Engineering

Context Engineering and Chunking

The information you give a model is as engineered as the instruction you write

Learning Objectives

By the end of this module you will be able to:

  • Select an appropriate chunking strategy for a given content type and retrieval task.
  • Explain position bias in long-context windows and structure prompts to mitigate it.
  • Compare recursive and hierarchical retrieval approaches on cost, context quality, and implementation complexity.
  • Apply decomposition and expert chunking principles to organize context for multi-step prompts.

Core Concepts

Context is half the prompt

When engineers think about prompts, they tend to focus on the instruction side: the system prompt, the task wording, the output format. But the retrieved or injected context that accompanies those instructions is equally load-bearing. Garbage in, garbage out applies just as much to the documents you surface as to the directions you write.

Context engineering is the practice of deciding what information to supply to a model, how to segment it, and where to place it. The decisions compound: a wrong chunking strategy can render good retrieval useless; correct retrieval placed in the wrong position can be ignored anyway.

Chunking: the unit-of-retrieval problem

Chunking is text segmentation — splitting source documents into retrievable units before they enter a vector store or are injected into a prompt. The core tension is between two competing goods:

  • Retrieval precision: smaller units match queries more cleanly.
  • Generation quality: the model needs enough surrounding context to reason correctly.

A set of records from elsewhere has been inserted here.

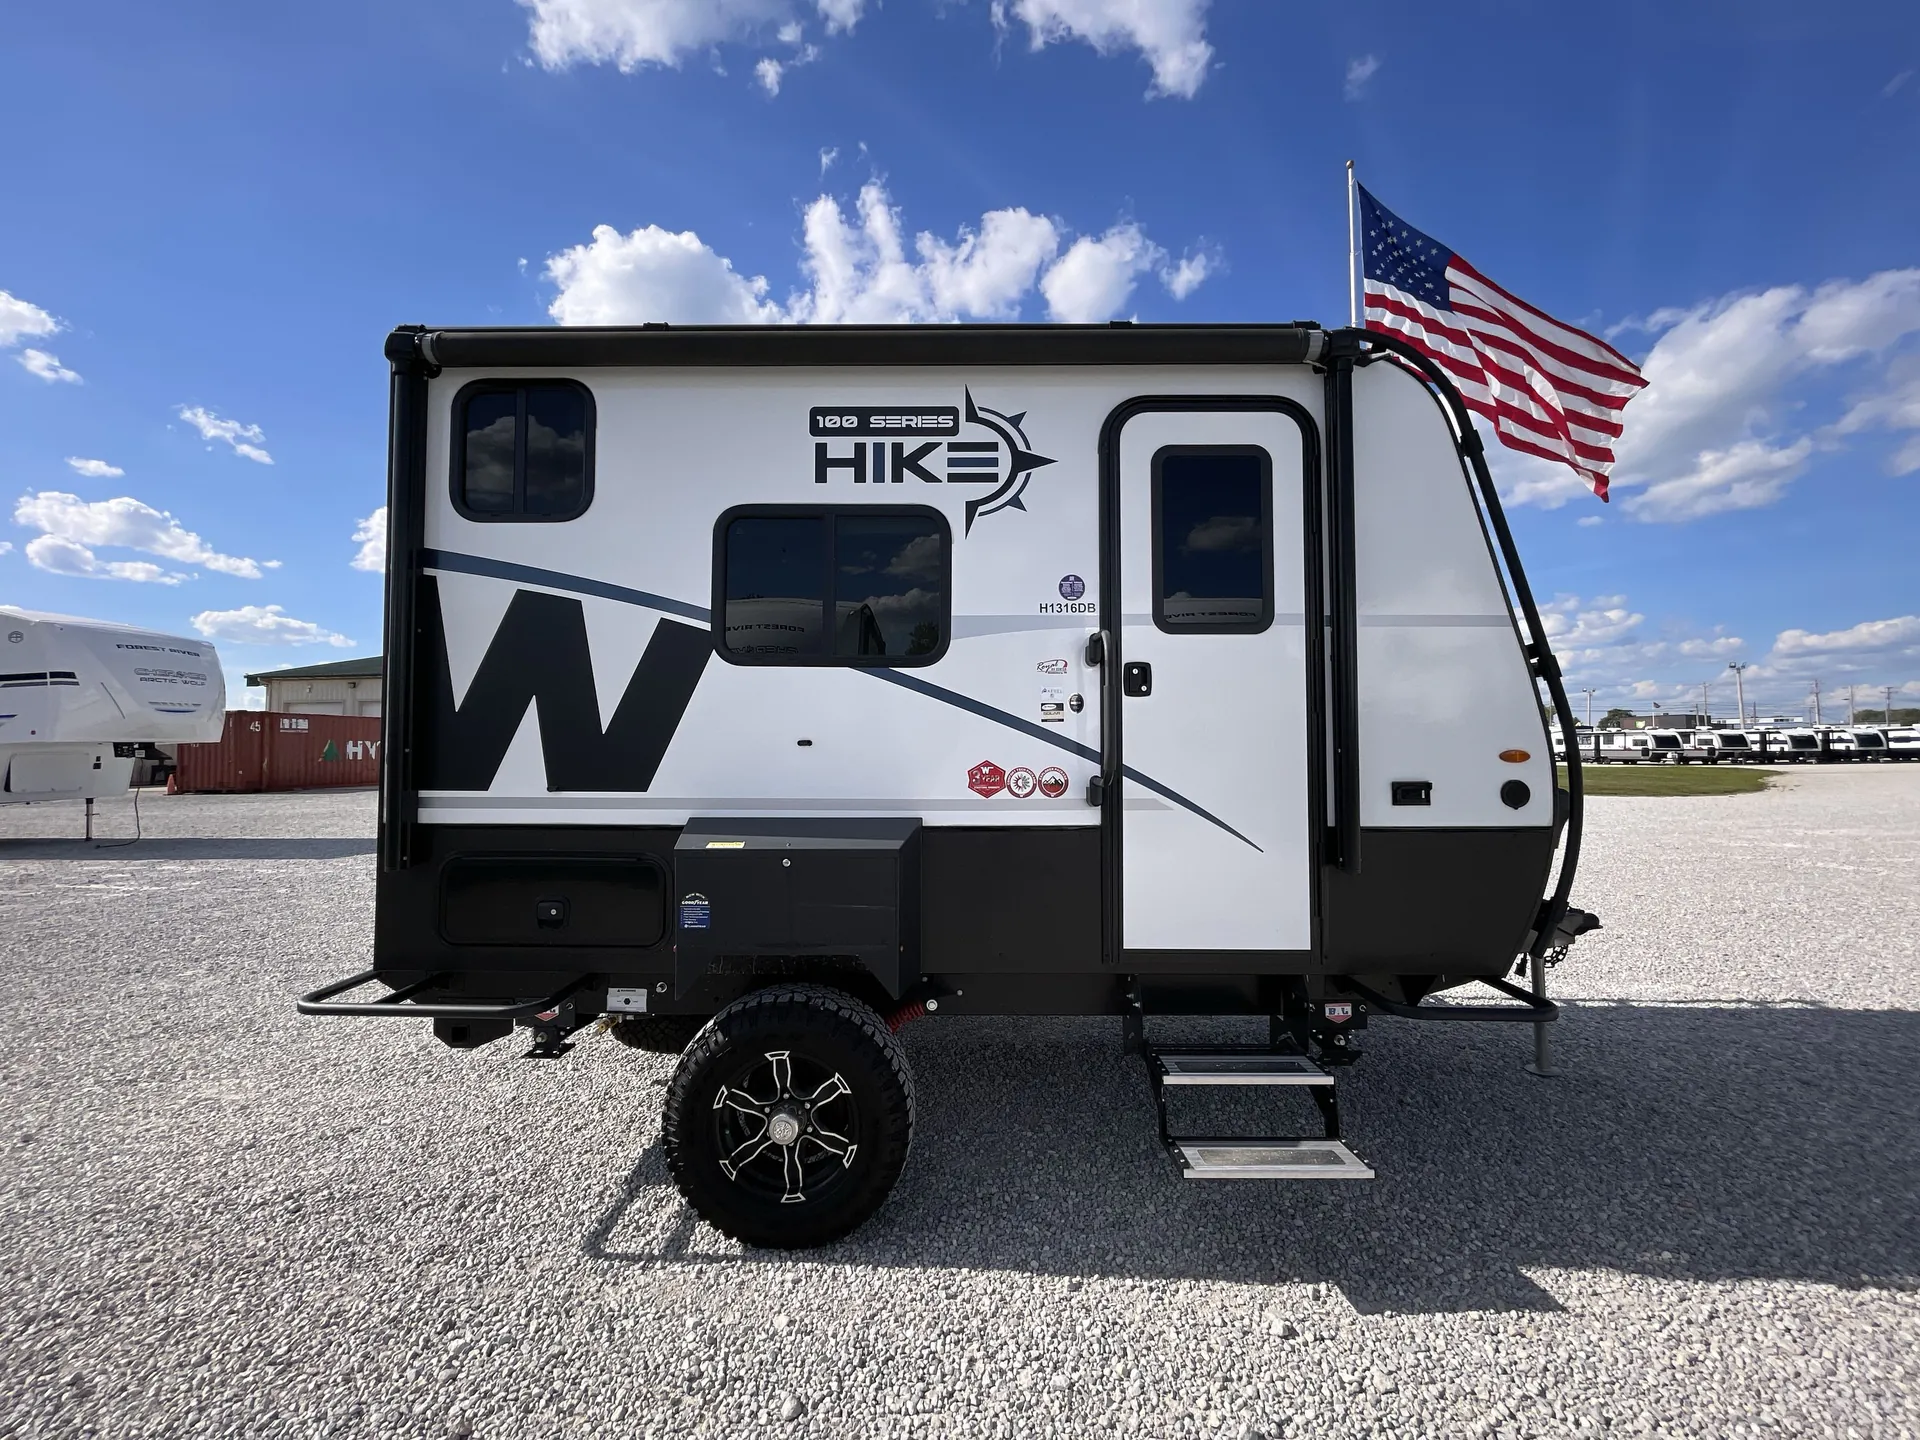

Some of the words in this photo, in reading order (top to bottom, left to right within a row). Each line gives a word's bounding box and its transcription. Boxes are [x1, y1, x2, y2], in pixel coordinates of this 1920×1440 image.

[816, 415, 858, 428] 100
[869, 415, 954, 428] SERIES
[814, 441, 999, 484] HIKE
[1039, 603, 1096, 613] H1316DB
[116, 644, 166, 652] FOREST
[168, 648, 200, 657] RIVER
[249, 721, 261, 731] 45
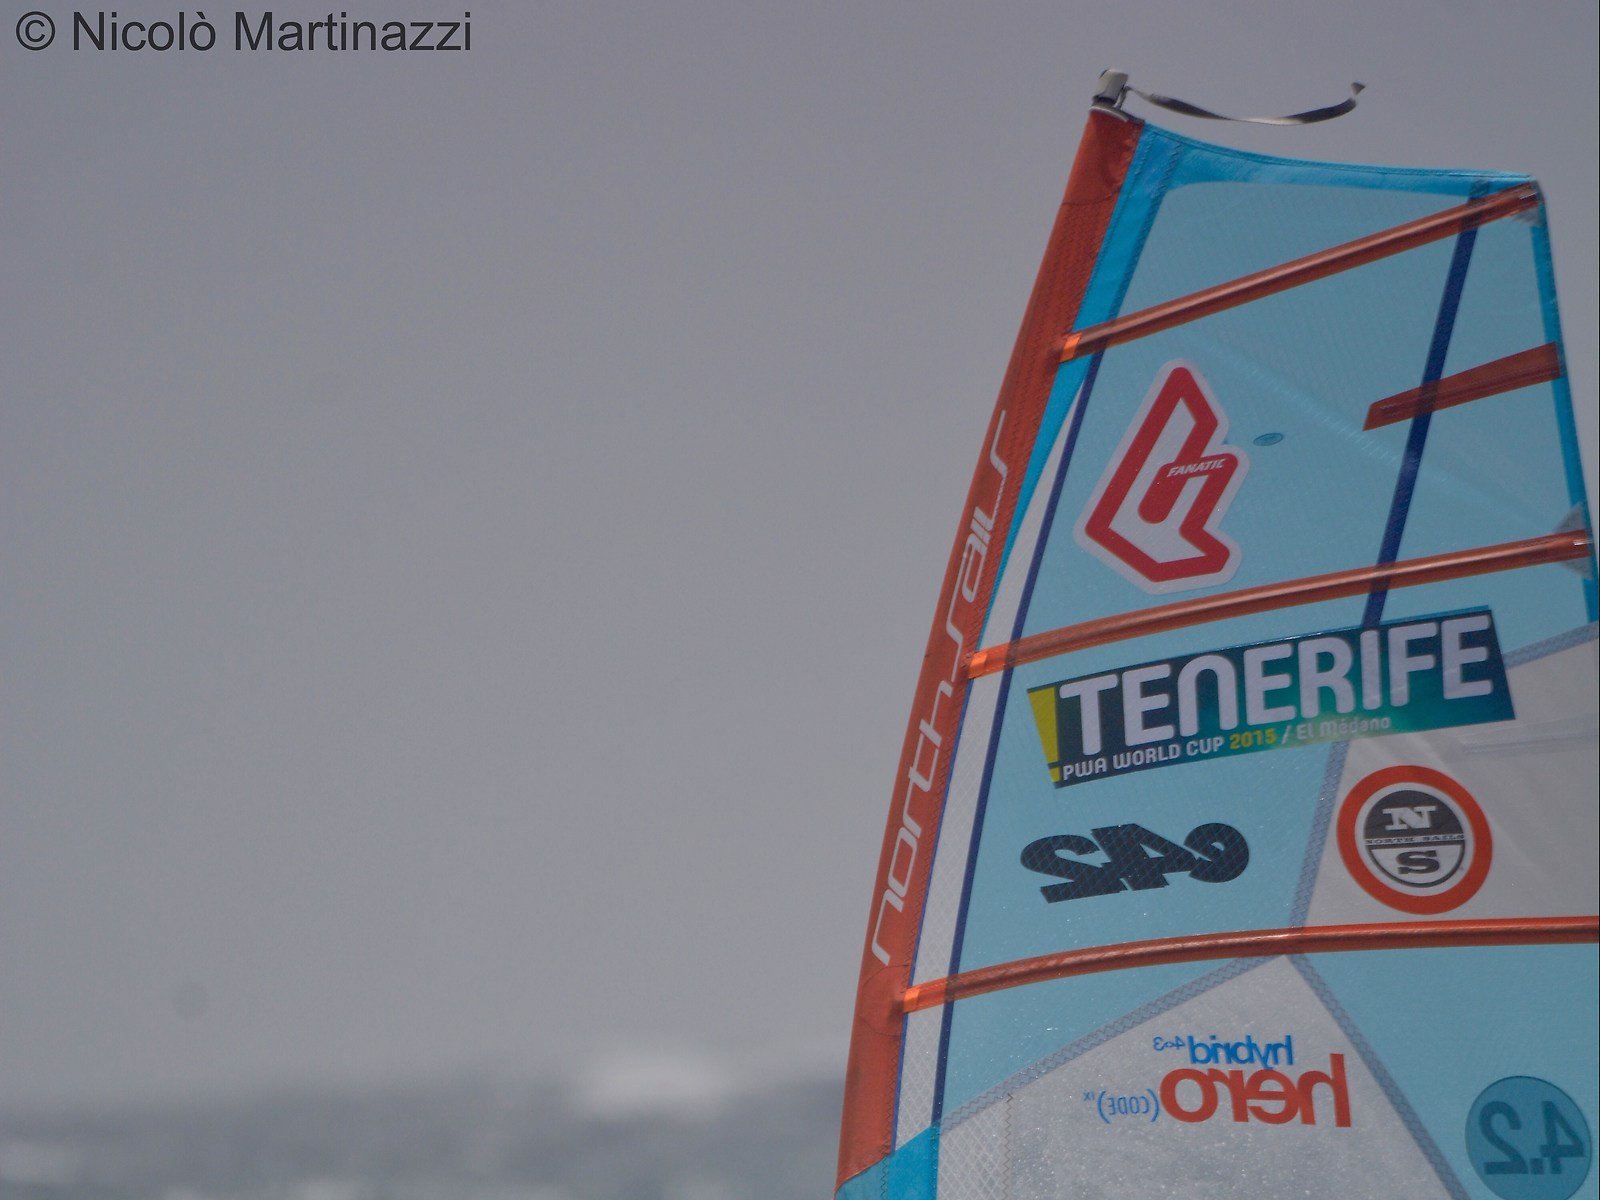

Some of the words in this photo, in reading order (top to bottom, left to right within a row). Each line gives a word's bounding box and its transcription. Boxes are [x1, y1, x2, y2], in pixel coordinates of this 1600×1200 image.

Research on small chunks makes this concrete. Semantic chunking frequently produces fragments averaging 43 tokens. Those fragments retrieve accurately, but at generation time the LLM lacks the context to synthesise cross-paragraph reasoning — producing the paradox of high recall and wrong answers. In one benchmark, semantic chunking achieved higher retrieval recall but only 54% overall accuracy versus 69% for recursive chunking.

The working memory analogy

Humans group information into meaningful units to overcome strict working-memory limits. Models have a structural version of the same constraint — but applied to position, not just capacity.

Cognitive science research frames chunking as the mechanism that lets humans hold more in working memory: by treating complex structures (functions, design patterns, modules) as single units, experts dramatically expand their effective capacity. Expert engineers use two-fold explicit-implicit decomposition to break hard problems into coherent sub-problems — a skill that transfers directly to partitioning long documents into retrieval-ready units.

The analogy is imperfect but instructive: chunk at the level of meaningful unit, not at a fixed byte count.

Position bias: the lost-in-the-middle problem

Long-context models do not process all positions equally. MIT and ACL research demonstrates a U-shaped performance curve: information at the beginning (primacy bias) and end (recency bias) of the context window performs significantly better than information in the middle. Performance on middle-positioned content degrades by over 30%.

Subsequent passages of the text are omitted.